■ Assignment:
Repeat the whole listing below precisely. Omit all pictures.
+++ Listed entries +++
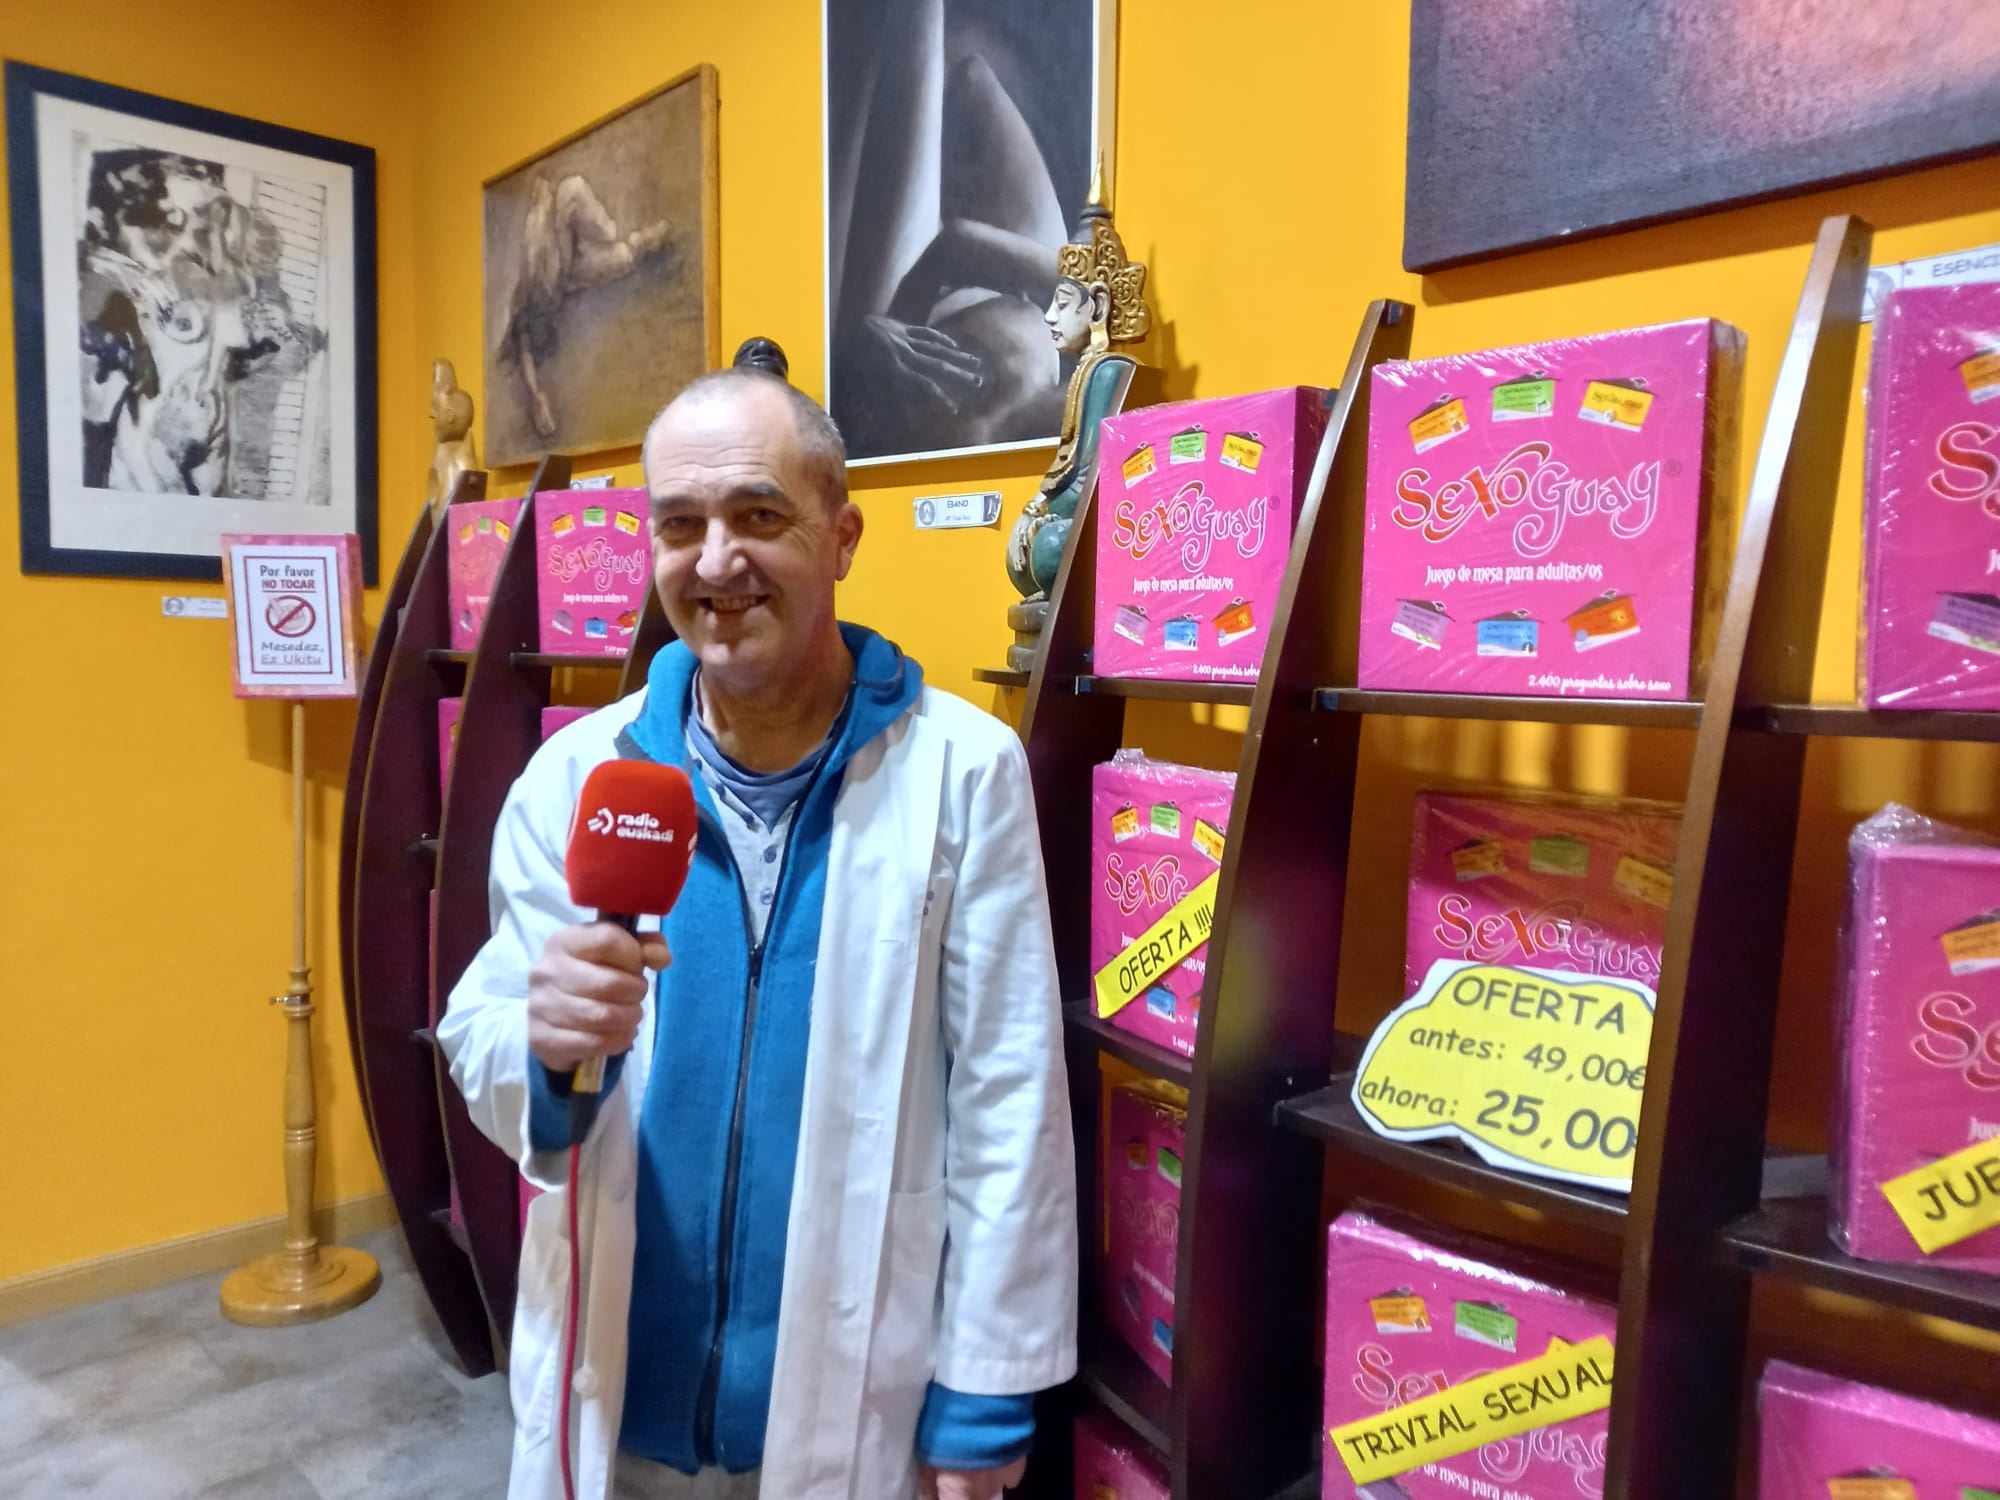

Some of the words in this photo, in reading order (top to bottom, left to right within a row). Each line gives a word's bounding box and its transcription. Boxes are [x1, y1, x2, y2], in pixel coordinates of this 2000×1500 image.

[260, 564, 279, 577] Por
[284, 564, 315, 577] favor
[262, 579, 277, 589] NO
[280, 579, 316, 589] TOCAR
[1425, 565, 1456, 590] Juego
[1457, 564, 1472, 582] de
[1473, 566, 1504, 584] mesa
[1505, 565, 1534, 585] para
[1536, 561, 1603, 583] adultas/os
[283, 654, 321, 666] Ukitu
[616, 826, 674, 843] euskadi
[617, 812, 659, 828] radio
[1118, 919, 1193, 994] OFERTA
[1453, 975, 1626, 1034] OFERTA
[1409, 1026, 1506, 1059] antes:
[1522, 1043, 1645, 1092] 49,00€
[1360, 1075, 1458, 1117] ahora:
[1476, 1089, 1637, 1159] 25,00
[1343, 1403, 1477, 1464] TRIVIAL
[1483, 1356, 1614, 1422] SEXUAL
+++
■ Exercise solution:
Some of the words in this photo, in reading order (top to bottom, left to right within a row). Each line gives a word's bounding box and its transcription. Boxes are [x1, y1, x2, y2], in pixel coordinates of this 2000×1500 image.

[260, 564, 279, 577] Por
[284, 564, 315, 577] favor
[262, 579, 277, 589] NO
[280, 579, 316, 589] TOCAR
[1425, 565, 1456, 590] Juego
[1457, 564, 1472, 582] de
[1473, 566, 1504, 584] mesa
[1505, 565, 1534, 585] para
[1536, 561, 1603, 583] adultas/os
[283, 654, 321, 666] Ukitu
[616, 826, 674, 843] euskadi
[617, 812, 659, 828] radio
[1118, 919, 1193, 994] OFERTA
[1453, 975, 1626, 1034] OFERTA
[1409, 1026, 1506, 1059] antes:
[1522, 1043, 1645, 1092] 49,00€
[1360, 1075, 1458, 1117] ahora:
[1476, 1089, 1637, 1159] 25,00
[1343, 1403, 1477, 1464] TRIVIAL
[1483, 1356, 1614, 1422] SEXUAL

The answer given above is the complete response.